To train AI and ML models, large datasets are required. But this data is often inaccessible in healthcare settings, due to a variety of patient privacy laws and institutional policies. To address this obstacle and make data-sharing easier, several open-source projects have emerged.
“The ability to use that large amount of data to inform our clinical decision-making is huge,” said Joyce Sensmeier, vice president of informatics, technology, and innovation at HIMSS, about the open-source initiatives. The ability to leverage this already-captured data is a great next step, she said. “It’s really going to be a powerful, positive thing, and a wonderful opportunity.”
One of the most active hubs for this work is the Radiology Informatics Lab at Stanford Medicine.[1]

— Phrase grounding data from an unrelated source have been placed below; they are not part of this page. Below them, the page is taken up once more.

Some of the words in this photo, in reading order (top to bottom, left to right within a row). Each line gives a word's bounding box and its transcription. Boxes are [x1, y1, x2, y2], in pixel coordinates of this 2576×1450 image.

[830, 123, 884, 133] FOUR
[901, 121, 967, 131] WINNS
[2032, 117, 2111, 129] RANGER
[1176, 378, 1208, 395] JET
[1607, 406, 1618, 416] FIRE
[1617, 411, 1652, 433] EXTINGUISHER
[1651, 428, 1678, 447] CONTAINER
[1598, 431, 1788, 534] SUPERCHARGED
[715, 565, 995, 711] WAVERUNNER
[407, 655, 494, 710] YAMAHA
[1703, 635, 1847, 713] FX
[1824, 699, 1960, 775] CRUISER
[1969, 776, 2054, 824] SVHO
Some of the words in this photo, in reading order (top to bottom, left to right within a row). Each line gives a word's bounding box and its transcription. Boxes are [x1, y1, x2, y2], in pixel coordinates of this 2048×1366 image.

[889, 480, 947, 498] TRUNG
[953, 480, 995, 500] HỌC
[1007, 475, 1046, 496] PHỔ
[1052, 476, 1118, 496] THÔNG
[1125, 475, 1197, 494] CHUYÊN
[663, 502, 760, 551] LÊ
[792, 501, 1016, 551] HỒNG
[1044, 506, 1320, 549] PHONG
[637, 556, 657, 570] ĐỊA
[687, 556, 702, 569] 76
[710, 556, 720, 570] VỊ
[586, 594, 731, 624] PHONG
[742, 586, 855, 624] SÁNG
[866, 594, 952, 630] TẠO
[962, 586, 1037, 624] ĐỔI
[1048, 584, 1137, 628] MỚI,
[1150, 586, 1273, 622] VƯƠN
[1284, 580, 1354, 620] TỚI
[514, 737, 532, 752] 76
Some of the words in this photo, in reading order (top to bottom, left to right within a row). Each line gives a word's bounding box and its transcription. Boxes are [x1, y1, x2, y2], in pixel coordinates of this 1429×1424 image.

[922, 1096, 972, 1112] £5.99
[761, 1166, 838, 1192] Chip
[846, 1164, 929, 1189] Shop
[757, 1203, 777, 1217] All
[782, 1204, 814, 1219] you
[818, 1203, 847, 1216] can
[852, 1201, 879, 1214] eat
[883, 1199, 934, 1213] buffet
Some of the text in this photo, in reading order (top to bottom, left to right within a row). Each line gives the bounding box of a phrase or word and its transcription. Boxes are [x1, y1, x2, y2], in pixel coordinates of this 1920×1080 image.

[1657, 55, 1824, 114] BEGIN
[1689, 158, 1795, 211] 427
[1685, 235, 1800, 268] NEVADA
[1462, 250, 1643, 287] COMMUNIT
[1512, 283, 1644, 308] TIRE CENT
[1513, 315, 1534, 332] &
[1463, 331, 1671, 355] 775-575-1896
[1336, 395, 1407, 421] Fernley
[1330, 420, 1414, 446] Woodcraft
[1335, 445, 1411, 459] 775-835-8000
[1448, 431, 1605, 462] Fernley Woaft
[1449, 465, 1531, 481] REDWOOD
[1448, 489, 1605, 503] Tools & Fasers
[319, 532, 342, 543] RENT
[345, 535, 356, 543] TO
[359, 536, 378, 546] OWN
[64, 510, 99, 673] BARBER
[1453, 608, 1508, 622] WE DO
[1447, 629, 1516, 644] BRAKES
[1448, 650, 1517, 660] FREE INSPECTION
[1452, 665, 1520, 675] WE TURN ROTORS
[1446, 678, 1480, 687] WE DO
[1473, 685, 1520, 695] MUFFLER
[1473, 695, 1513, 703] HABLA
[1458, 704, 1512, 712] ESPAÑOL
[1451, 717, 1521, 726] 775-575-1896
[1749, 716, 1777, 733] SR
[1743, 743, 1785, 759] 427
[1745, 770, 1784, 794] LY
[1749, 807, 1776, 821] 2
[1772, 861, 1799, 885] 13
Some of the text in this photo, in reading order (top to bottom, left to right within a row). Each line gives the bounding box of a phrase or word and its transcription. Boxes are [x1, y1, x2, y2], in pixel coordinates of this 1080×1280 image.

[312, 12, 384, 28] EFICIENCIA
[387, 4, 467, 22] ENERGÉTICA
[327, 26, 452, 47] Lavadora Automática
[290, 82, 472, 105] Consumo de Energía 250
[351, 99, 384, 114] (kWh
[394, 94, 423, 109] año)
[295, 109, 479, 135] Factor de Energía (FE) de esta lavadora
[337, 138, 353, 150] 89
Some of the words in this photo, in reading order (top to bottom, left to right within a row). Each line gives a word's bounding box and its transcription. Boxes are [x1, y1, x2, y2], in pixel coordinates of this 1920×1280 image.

Its Langlotz Lab is currently working with imaging datasets from within and outside of Stanford Medicine. These include:
- 1,000 ICU chest radiographs;
- 831 bone tumor radiographs annotated by an expert radiologist with 18 features and the pathologic diagnosis;
- 4,000 digital mammograms annotated with 13 quality attributes;
- 4,000 pediatric hand radiographs with radiologist bone age; and
- soon: 4.4 million Stanford exams, each with a narrative report.
“We hope to increase open access to some of these datasets by way of novel infrastructure and sharing methodology,” according to the Lab’s website.
Or take the Open Access Series of Imaging Studies (OASIS),[2] a project, according to its homepage, “aimed at making neuroimaging datasets of the brain freely available to the scientific community.” OASIS-3, the third iteration of the project, is a longitudinal neuroimaging, clinical, cognitive, and biomarker dataset for normal aging and Alzheimer’s disease.
Like other open-source projects, users of OASIS data must abide by the Creative Commons Attribution 4.0 license, along with other terms.
At the federal level, the Centers for Medicare and Medicaid Services (CMS) has been pushing for better data interoperability. CMS has released a series of proposed rules and programs to drive open data, believing this will lower costs and improve outcomes.
And the American College of Radiology Data Science Institute, formed in 2017, is working on open-source software to promote the creation of clinical AI models, essentially making it easier for institutions to build AI models by providing them with the necessary training data and computational power.
All this is good news for AI researchers, who can turn to an expanding number of image databases and participate in a growing number of medical image analysis challenges (see: Grand Challenges in Medical Image Analysis https://grand-challenge.org/).
Limitations, obstacles
To protect patient confidentiality, open-source healthcare data relies on anonymized data. More than that, many of these projects explicitly limit use to academic studies, and so cannot be used for commercial products by software and hardware vendors.
Moreover, patient privacy and data governance rules vary, institution by institution and country by country.
One way to end these sharing restrictions is to use so-called federated learning techniques. In federated learning, clinical data stays where it currently resides, such as within the hospital. Instead of moving this data from different repositories and devices to a central location (the traditional approach), federated learning lets endpoints download a model, train it locally using local data, and then summarize the changes and send a summary data to update the central model. The end result is the same: an AI model that improves, iteratively, over time. But because the underlying data does travel outside of the clinical domain where it was captured, the technique does not run afoul of data governance or security procedures.
That’s not to say federated learning is without its own challenges. Architecting such systems at scale requires lots of collaboration among many technical and clinical stakeholders, all of whom want the system to interact correctly so that the resulting, centralized model is valid and trustworthy.
Difficulties with sharing datasets may not be the biggest obstacle, however.
“Annotation [of medical images] is very expensive, because it needs expertise,” said Hsi-Ming Chang, a senior data scientist at GE Healthcare. This means it is difficult to create sufficiently large, annotated datasets.
The need for radiological expertise also means annotating these datasets is a slow process that can’t easily scale. That is, the required annotation cannot be handled via crowdsourcing, as is the case with AI training efforts in other domains.
Despite all the obstacles, Chang is optimistic about the AI imaging field, thanks to rapidly improving technology.
For example, to get around the annotation issue, a model can be trained on an annotated subset of the whole dataset, which can then create a model to predict training of a second part of the set. Human annotators will then need to conduct only some fine-tuning of this second set, and so on.
“This leads to an iterative improvement of the model’s quality,” he said.